Wise MAI is included in the IA Flexible Investment sector, which allows us the freedom to invest in the unconstrained fashion which we believe will produce the best overall returns for our investors.
Wise MAI has three share classes. The A shares are a legacy share class, with higher charges. At the year-end, only around 1.25% of the fund was in the A shares. The W share class is restricted to investments of over £100m. Figures quoted in this report will refer to the B shares, which the majority of investors hold.
2016 -7, a stellar year for performance, in which the fund made 33.2%, has been followed by two weaker years, with a total return of 5.33% in 2017-8, and minus 1.42% in the year just ended, 2018-9. Over the last year the fund marginally underperformed the average fund in the IA Flexible sector, which was down 1.15%, and more significantly underperformed its benchmark Cboe UK All-Companies index, a proxy for the UK stock market, which returned 1.65%.

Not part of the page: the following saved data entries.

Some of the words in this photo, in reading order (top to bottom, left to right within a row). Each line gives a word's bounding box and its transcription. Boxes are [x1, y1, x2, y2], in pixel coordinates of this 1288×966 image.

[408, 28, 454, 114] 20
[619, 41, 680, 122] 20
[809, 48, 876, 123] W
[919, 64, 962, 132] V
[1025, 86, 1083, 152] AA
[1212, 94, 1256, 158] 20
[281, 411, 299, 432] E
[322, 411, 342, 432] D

2018-9 was the mirror-image of 2017-8. The earlier year began with three months of strong performance, followed by a steady decline. In 2018-9, the stronger performance came at the end, following very weak market conditions in the last few weeks of 2018. Overall, the fund has seen a prolonged period of consolidation, lasting from the end of May 2017 to the end of 2018. During this time, the assets in our investable universe became steadily cheaper, and their yields rose. Wise MAI’s dividend yield rose during this period from 4.8% to 5.6%.

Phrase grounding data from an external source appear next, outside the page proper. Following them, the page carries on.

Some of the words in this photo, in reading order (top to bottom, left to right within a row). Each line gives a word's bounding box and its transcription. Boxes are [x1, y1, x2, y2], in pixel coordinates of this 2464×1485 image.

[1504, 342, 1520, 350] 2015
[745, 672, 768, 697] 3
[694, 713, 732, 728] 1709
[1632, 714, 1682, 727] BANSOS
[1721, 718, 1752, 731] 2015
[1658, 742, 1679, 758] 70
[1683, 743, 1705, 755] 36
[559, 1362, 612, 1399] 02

Over longer periods the fund’s performance has remained well above that of its benchmark, inflation and cash. Over three years, Wise MAI made a total return of 38.26%, while the Cboe UK All-Companies index returned 30.89%, and the IA Flexible sector average, 27.81%. Over five years, the fund made a return of 41.85%, while the Cboe UK All-Companies index made 28.58%, and the IA Flexible sector average, 32.05%.
The above figures are based on the accumulation units, where dividends are reinvested, to reflect the total returns from a fund which produces high levels of income, and correspondingly lower levels of capital return.
Our management of the fund, which gives rise to the performance, is discussed in detail in the Review section.
High volatility occurs when asset prices move around violently.
The fund’s volatility has risen significantly over the past year, while remaining well below that of the stock market. As at February 28th, Wise MAI’s three-year annualised volatility was 8.56%, compared to 8.41% a year earlier. The corresponding figures for the Cboe index were 13.0% and 11.03%. The higher numbers reflect higher levels of volatility.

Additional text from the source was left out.